_DATASET EXTRACT_
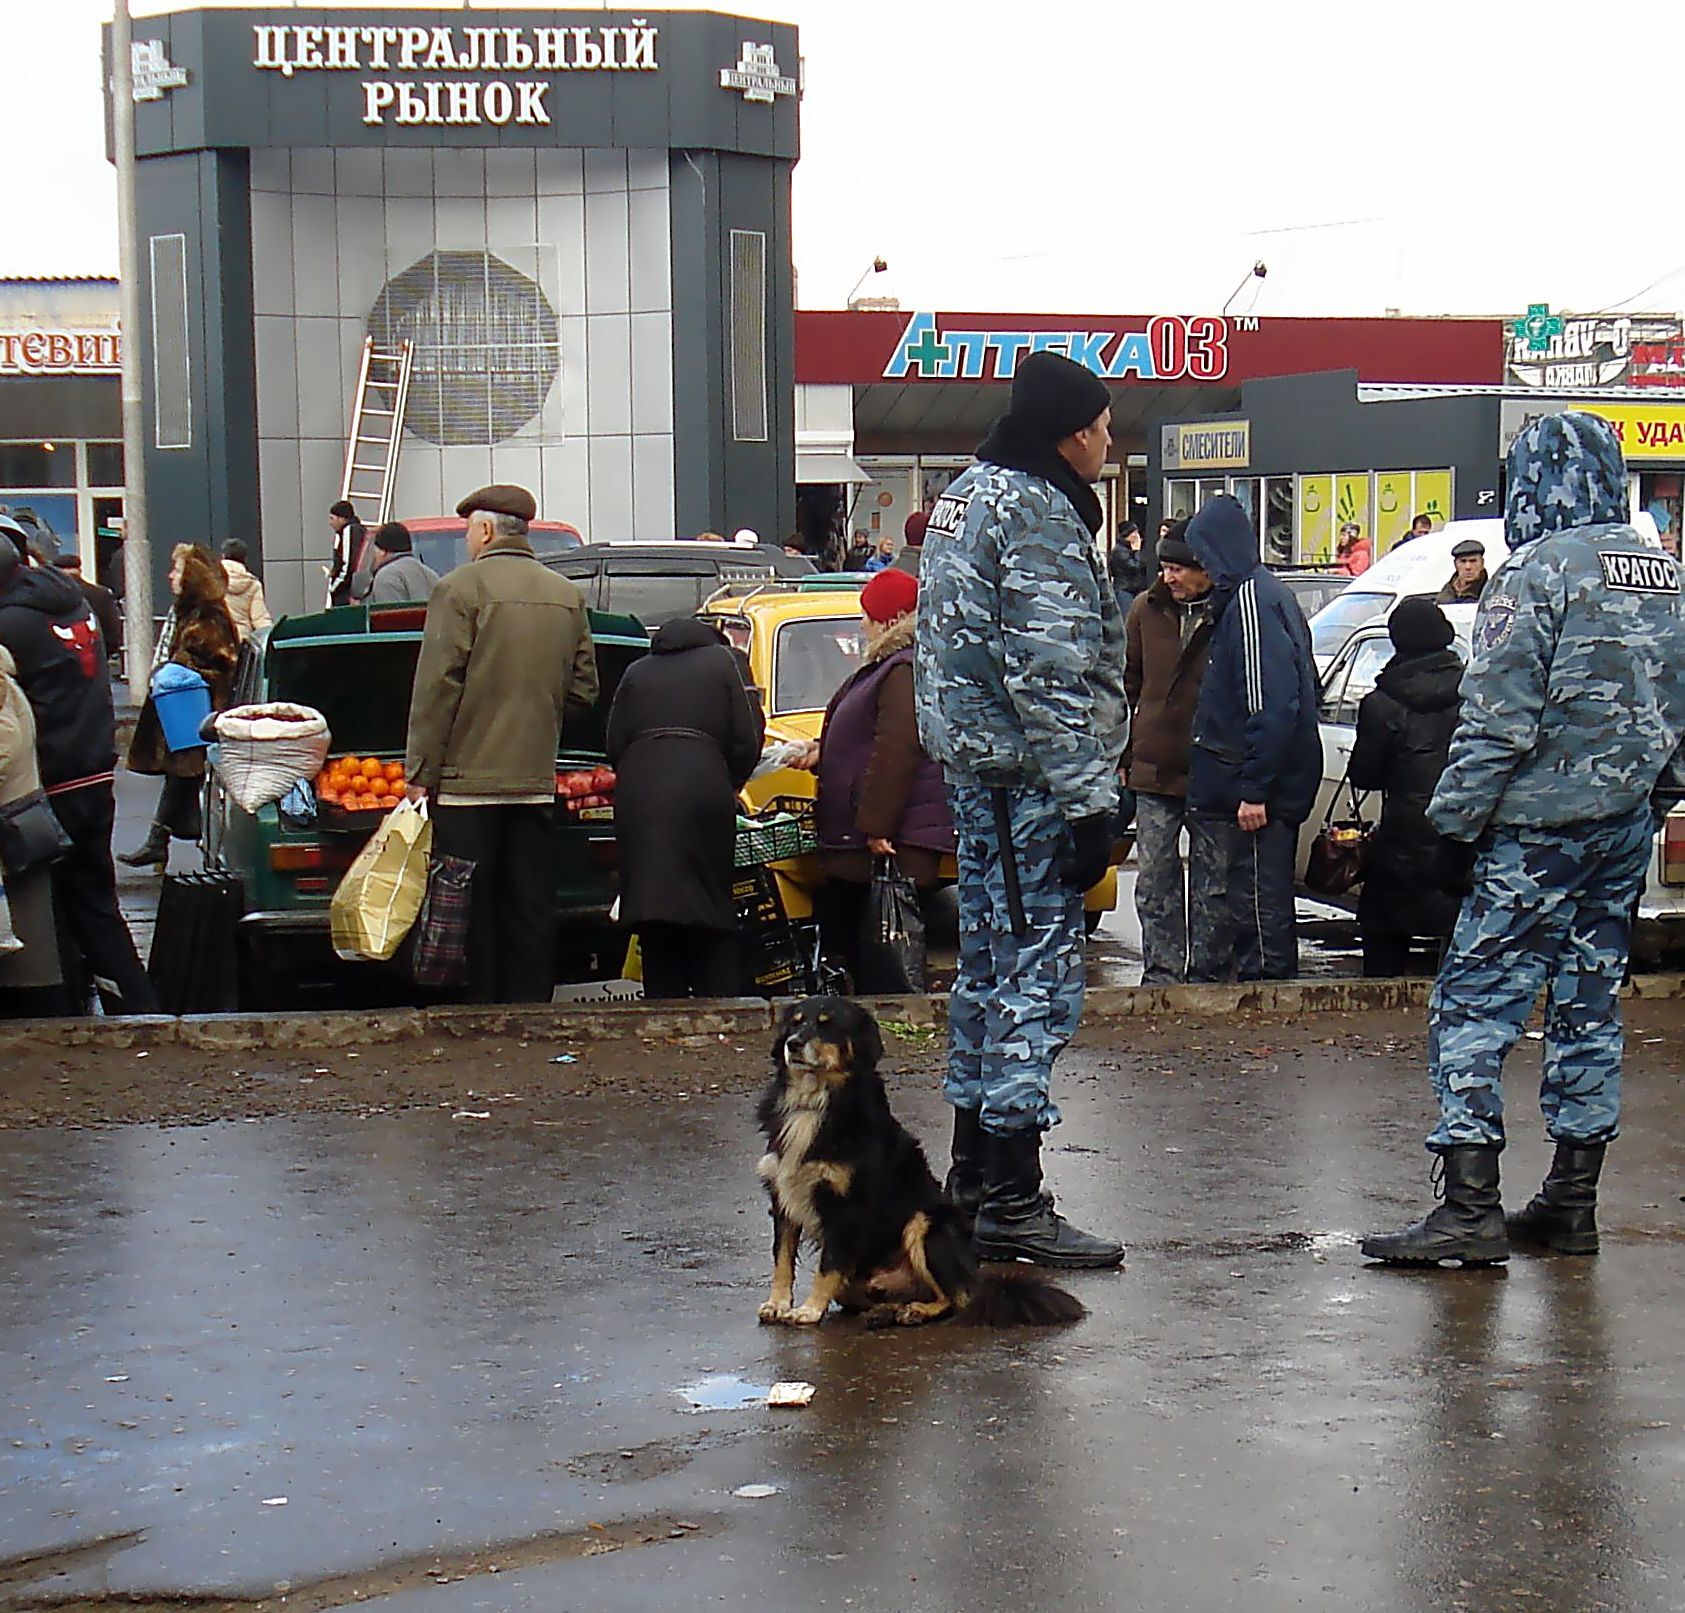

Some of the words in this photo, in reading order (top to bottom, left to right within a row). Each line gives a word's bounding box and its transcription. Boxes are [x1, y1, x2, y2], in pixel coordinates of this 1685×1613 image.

[252, 18, 659, 77] ЦЕНТРАЛЬНЫЙ
[361, 80, 551, 125] РЫНОК
[1182, 430, 1246, 461] СМЕСИТЕЛИ
[1636, 421, 1685, 448] УДА
[1603, 555, 1677, 589] КРАТОС
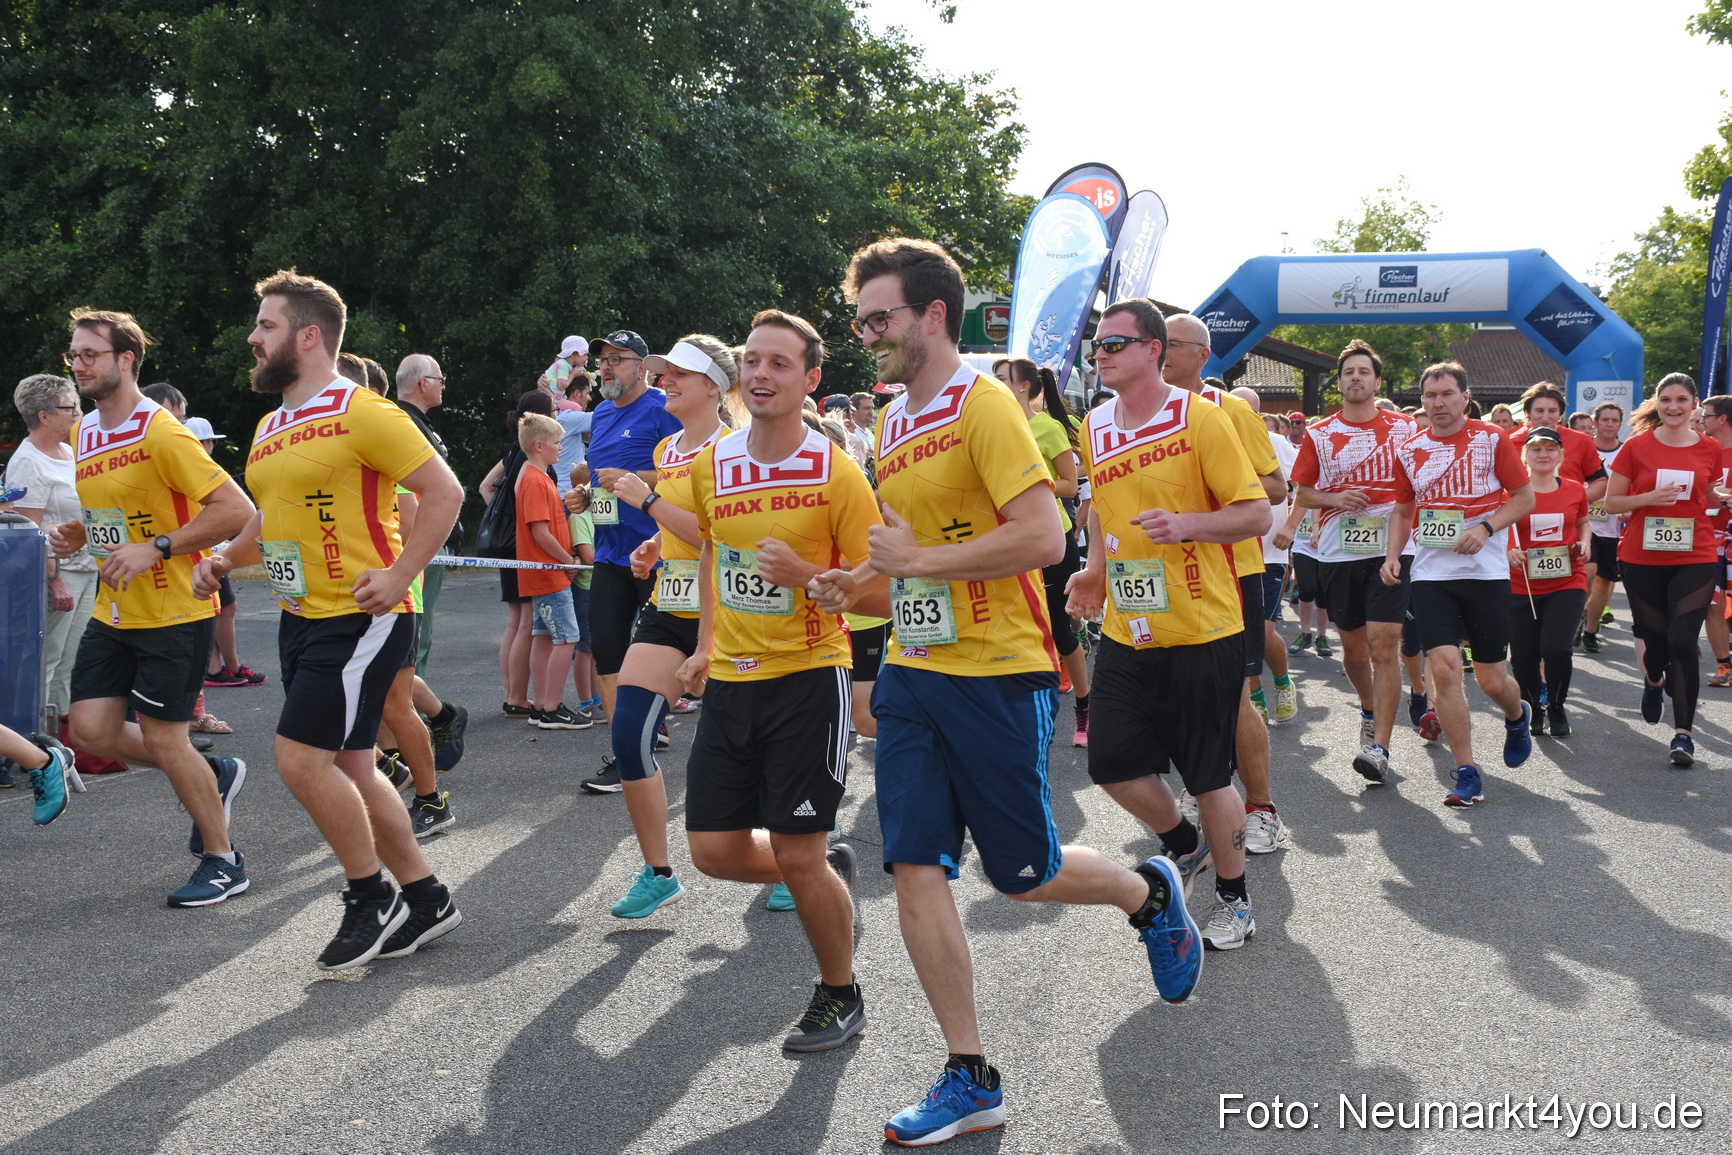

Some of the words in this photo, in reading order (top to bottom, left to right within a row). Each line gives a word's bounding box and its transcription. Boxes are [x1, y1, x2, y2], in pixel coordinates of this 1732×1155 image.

[1125, 210, 1152, 287] Fischer
[1365, 287, 1450, 304] firmenlauf
[1206, 318, 1250, 327] Fischer
[247, 438, 285, 467] MAX
[289, 421, 350, 446] BÖGL
[75, 461, 104, 483] MAX
[108, 447, 151, 471] BÖGL
[877, 452, 908, 485] MAX
[913, 430, 962, 464] BÖGL
[1093, 458, 1135, 489] MAX
[1138, 438, 1192, 469] BÖGL
[714, 498, 763, 520] MAX
[770, 491, 830, 511] BÖGL
[87, 526, 120, 545] 1630
[1344, 529, 1378, 543] 2221
[1422, 522, 1456, 537] 2205
[1654, 529, 1682, 542] 503
[266, 560, 295, 581] 595
[477, 559, 538, 570] Raiffeisenbank
[1537, 557, 1562, 570] 480
[660, 578, 695, 597] 1707
[1115, 578, 1155, 598] 1651
[731, 594, 745, 602] Merz
[746, 597, 772, 605] Thomas
[895, 599, 942, 626] 1653

_ACTION ITEM_
Find the line with "this 1732×1155 image.". Transcribe it and every line after it exactly, through the end of the records above, and nothing else.

_RESPONSE BOX_
Some of the words in this photo, in reading order (top to bottom, left to right within a row). Each line gives a word's bounding box and its transcription. Boxes are [x1, y1, x2, y2], in pixel coordinates of this 1732×1155 image.

[1125, 210, 1152, 287] Fischer
[1365, 287, 1450, 304] firmenlauf
[1206, 318, 1250, 327] Fischer
[247, 438, 285, 467] MAX
[289, 421, 350, 446] BÖGL
[75, 461, 104, 483] MAX
[108, 447, 151, 471] BÖGL
[877, 452, 908, 485] MAX
[913, 430, 962, 464] BÖGL
[1093, 458, 1135, 489] MAX
[1138, 438, 1192, 469] BÖGL
[714, 498, 763, 520] MAX
[770, 491, 830, 511] BÖGL
[87, 526, 120, 545] 1630
[1344, 529, 1378, 543] 2221
[1422, 522, 1456, 537] 2205
[1654, 529, 1682, 542] 503
[266, 560, 295, 581] 595
[477, 559, 538, 570] Raiffeisenbank
[1537, 557, 1562, 570] 480
[660, 578, 695, 597] 1707
[1115, 578, 1155, 598] 1651
[731, 594, 745, 602] Merz
[746, 597, 772, 605] Thomas
[895, 599, 942, 626] 1653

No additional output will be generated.